## GOAL OF THE EXERCISE
The entries below need to be transcribed exactly, without their images.

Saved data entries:
+ + +
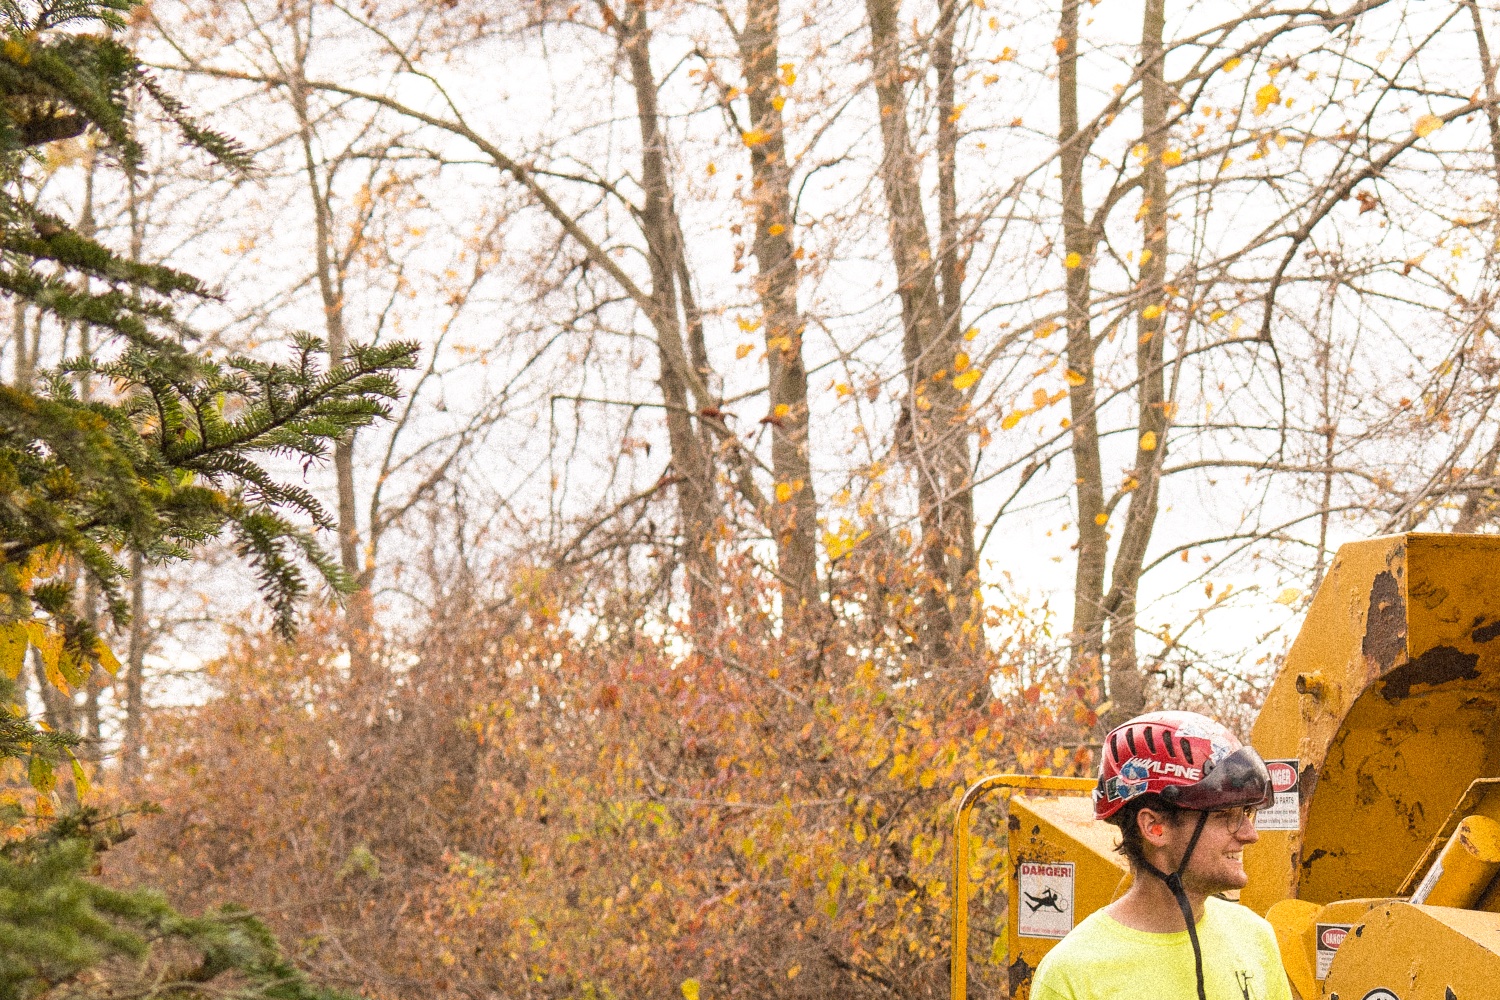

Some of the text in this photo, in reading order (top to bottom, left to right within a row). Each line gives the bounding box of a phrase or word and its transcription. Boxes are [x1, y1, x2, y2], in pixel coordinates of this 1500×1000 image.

[1148, 761, 1201, 780] ALPINE
[1269, 769, 1291, 785] NGER
[1022, 866, 1071, 877] DANGER!
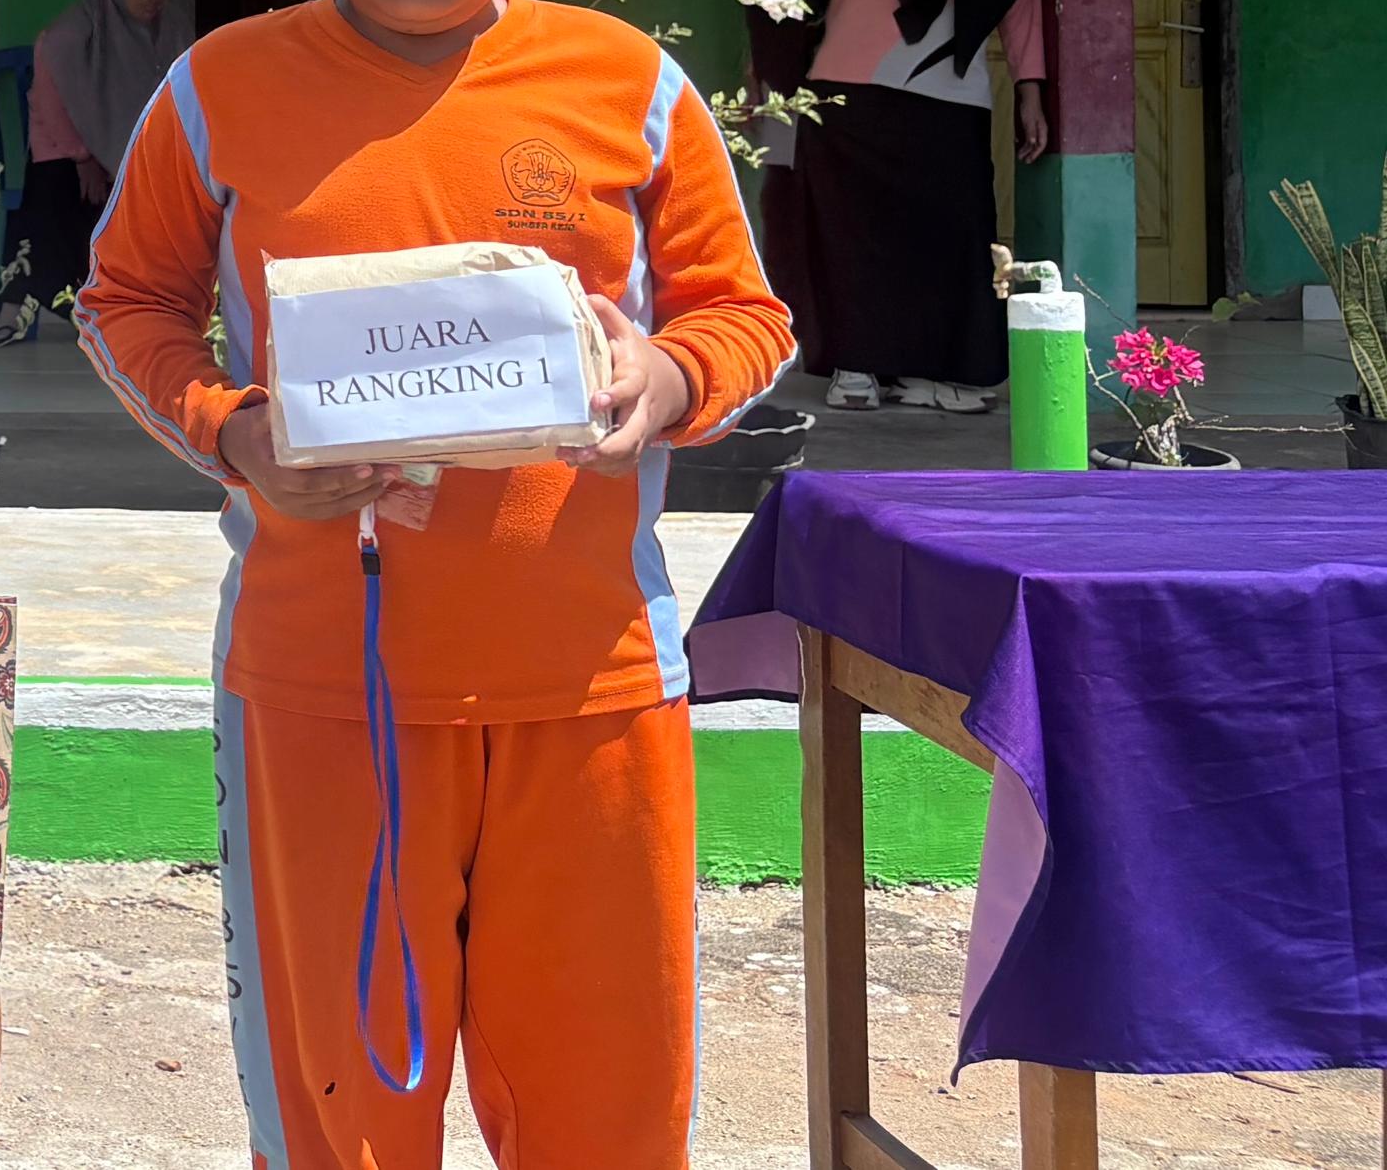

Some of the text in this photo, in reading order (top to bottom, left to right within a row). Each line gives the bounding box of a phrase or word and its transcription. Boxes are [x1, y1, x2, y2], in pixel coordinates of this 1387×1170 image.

[494, 208, 536, 219] SDN
[365, 317, 491, 356] JUARA
[316, 357, 553, 407] RANGKING 1
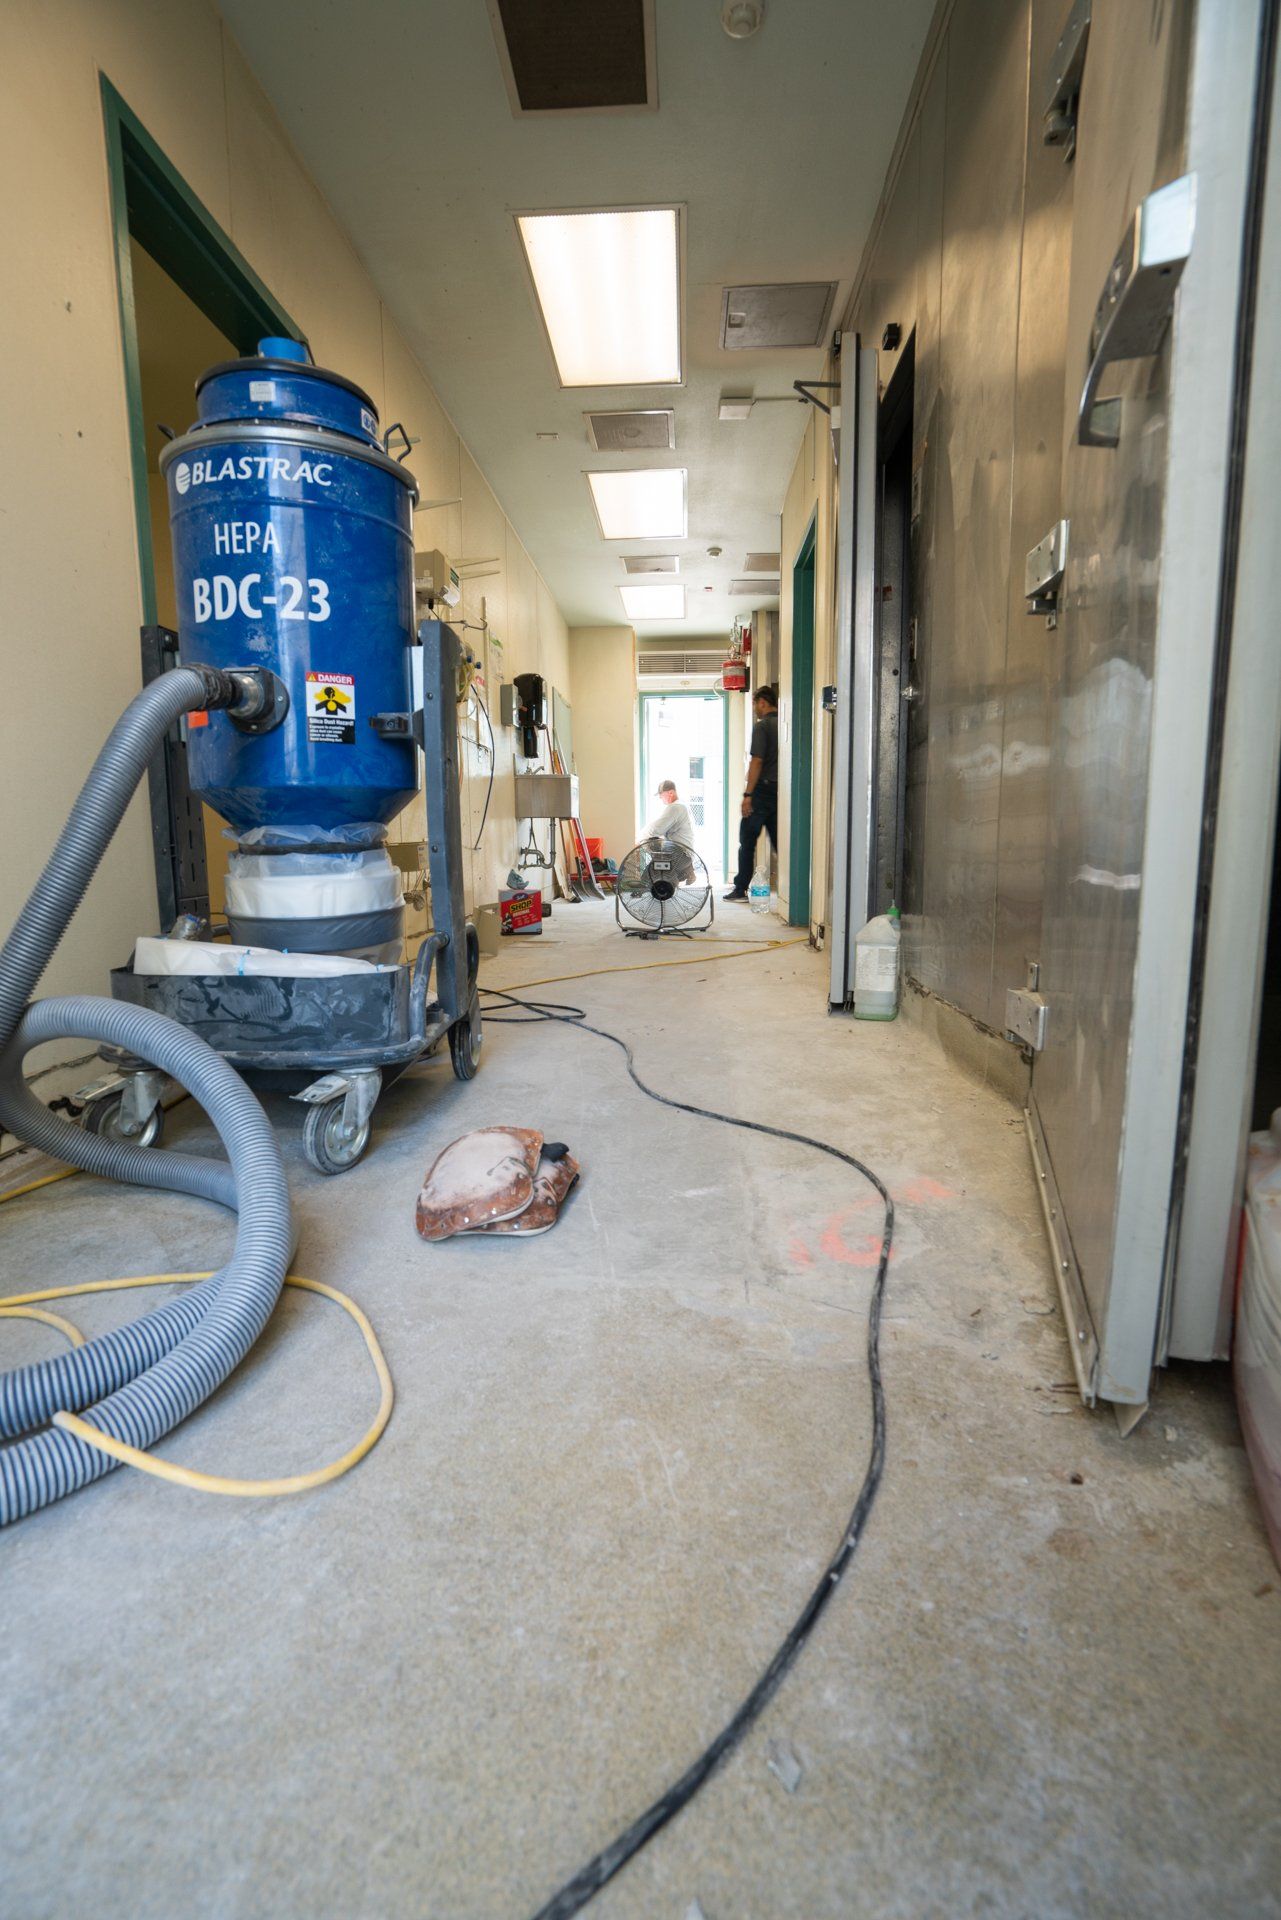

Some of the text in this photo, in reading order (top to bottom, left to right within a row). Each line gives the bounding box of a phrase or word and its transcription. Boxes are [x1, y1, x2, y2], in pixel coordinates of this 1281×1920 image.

[192, 456, 332, 487] BLASTRAC
[214, 521, 281, 556] HEPA
[193, 573, 332, 624] BDC-23
[318, 674, 352, 685] DANGER
[510, 900, 532, 911] SHOP
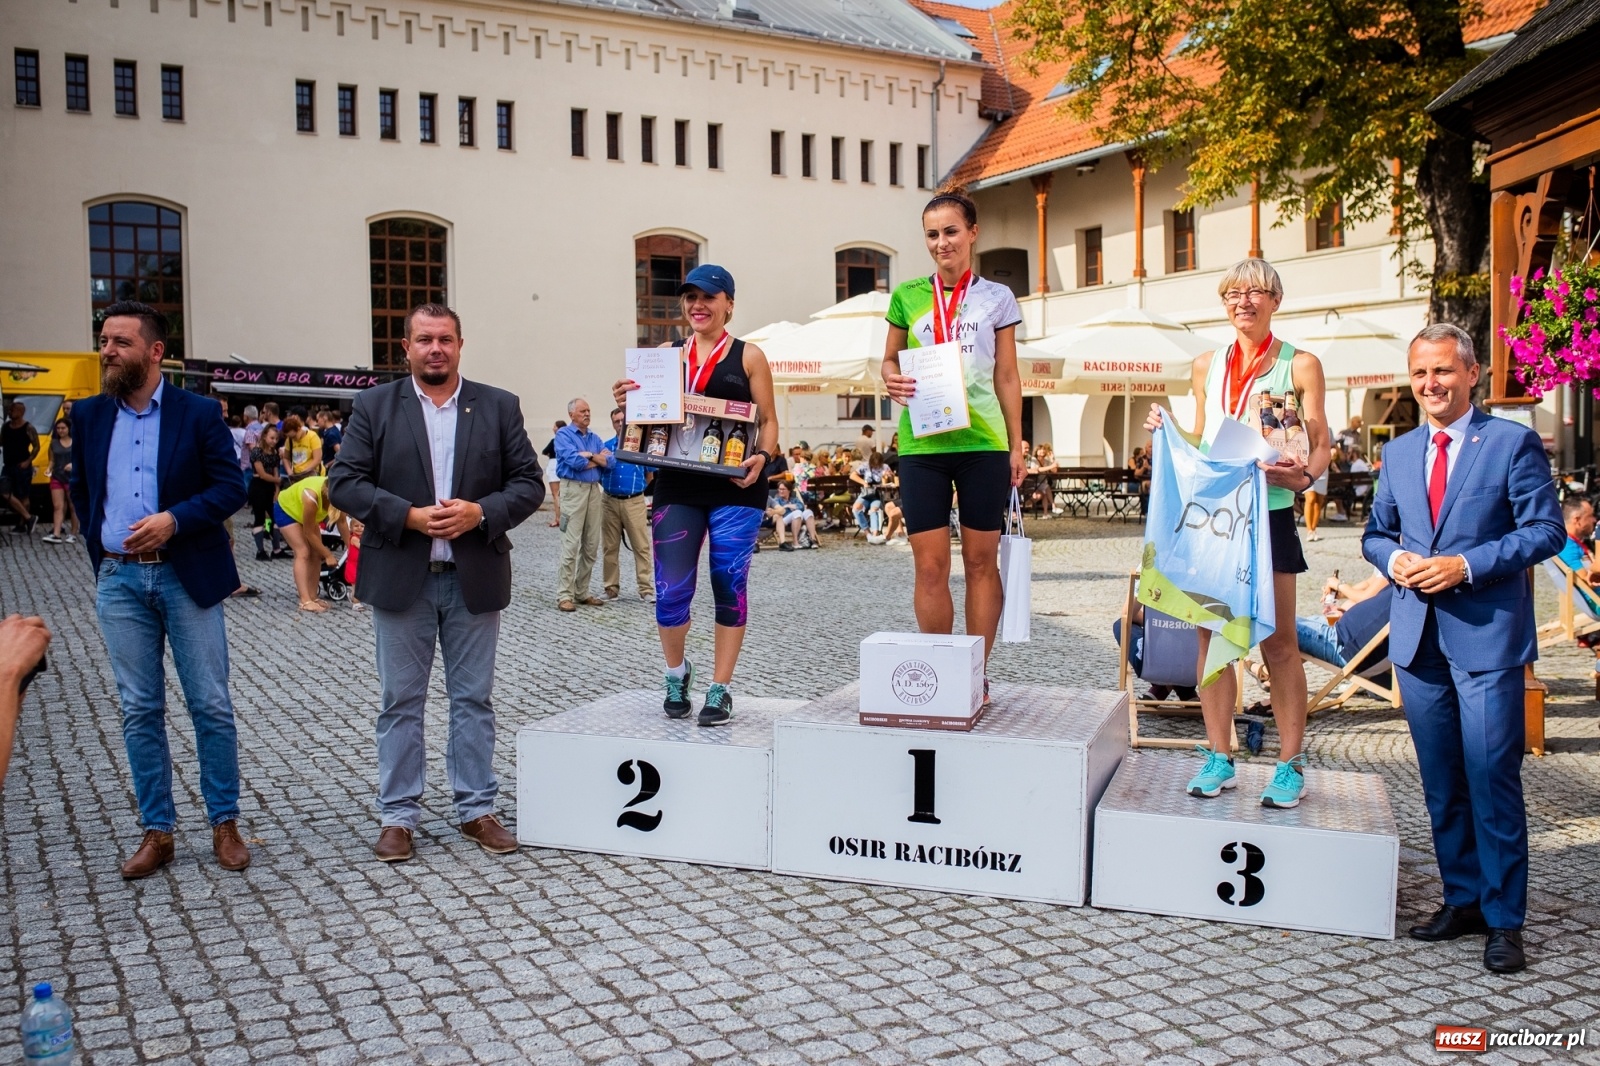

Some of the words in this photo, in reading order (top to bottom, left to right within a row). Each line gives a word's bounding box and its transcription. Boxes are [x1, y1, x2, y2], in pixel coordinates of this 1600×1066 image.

[922, 322, 978, 333] AYWNI
[961, 344, 974, 353] RT
[769, 360, 822, 374] RACIBORSKIE
[1083, 361, 1163, 373] RACIBORSKIE
[213, 367, 263, 383] SLOW
[276, 371, 310, 384] BBQ
[324, 374, 379, 387] TRUCK
[921, 372, 943, 380] DYPLOM
[1346, 374, 1395, 387] RACIBORSKIE
[684, 402, 716, 414] BORSKIE
[916, 679, 934, 691] 1567
[907, 749, 941, 824] 1
[616, 759, 663, 832] 2
[829, 836, 886, 859] OSIR
[894, 846, 1022, 873] RACIBÓRZ
[1217, 842, 1265, 907] 3
+ + +
## ANSWER SECTION
Some of the text in this photo, in reading order (top to bottom, left to right within a row). Each line gives the bounding box of a phrase or word and its transcription. Boxes are [x1, y1, x2, y2], in pixel coordinates of this 1500×1000 image.

[1148, 761, 1201, 780] ALPINE
[1269, 769, 1291, 785] NGER
[1022, 866, 1071, 877] DANGER!

Some of the text in this photo, in reading order (top to bottom, left to right within a row). Each line gives the bounding box of a phrase or word and its transcription. Boxes are [x1, y1, x2, y2], in pixel coordinates of this 1387×1170 image.

[494, 208, 536, 219] SDN
[365, 317, 491, 356] JUARA
[316, 357, 553, 407] RANGKING 1

Some of the text in this photo, in reading order (top to bottom, left to right within a row). Each line gives the bounding box of a phrase or word and its transcription. Boxes are [x1, y1, x2, y2], in pixel coordinates of this 1281×1920 image.

[192, 456, 332, 487] BLASTRAC
[214, 521, 281, 556] HEPA
[193, 573, 332, 624] BDC-23
[318, 674, 352, 685] DANGER
[510, 900, 532, 911] SHOP

Some of the words in this photo, in reading order (top to bottom, left to right within a row). Each line gives a word's bounding box and its transcription. Boxes are [x1, y1, x2, y2], in pixel coordinates of this 1600×1066 image.

[922, 322, 978, 333] AYWNI
[961, 344, 974, 353] RT
[769, 360, 822, 374] RACIBORSKIE
[1083, 361, 1163, 373] RACIBORSKIE
[213, 367, 263, 383] SLOW
[276, 371, 310, 384] BBQ
[324, 374, 379, 387] TRUCK
[921, 372, 943, 380] DYPLOM
[1346, 374, 1395, 387] RACIBORSKIE
[684, 402, 716, 414] BORSKIE
[916, 679, 934, 691] 1567
[907, 749, 941, 824] 1
[616, 759, 663, 832] 2
[829, 836, 886, 859] OSIR
[894, 846, 1022, 873] RACIBÓRZ
[1217, 842, 1265, 907] 3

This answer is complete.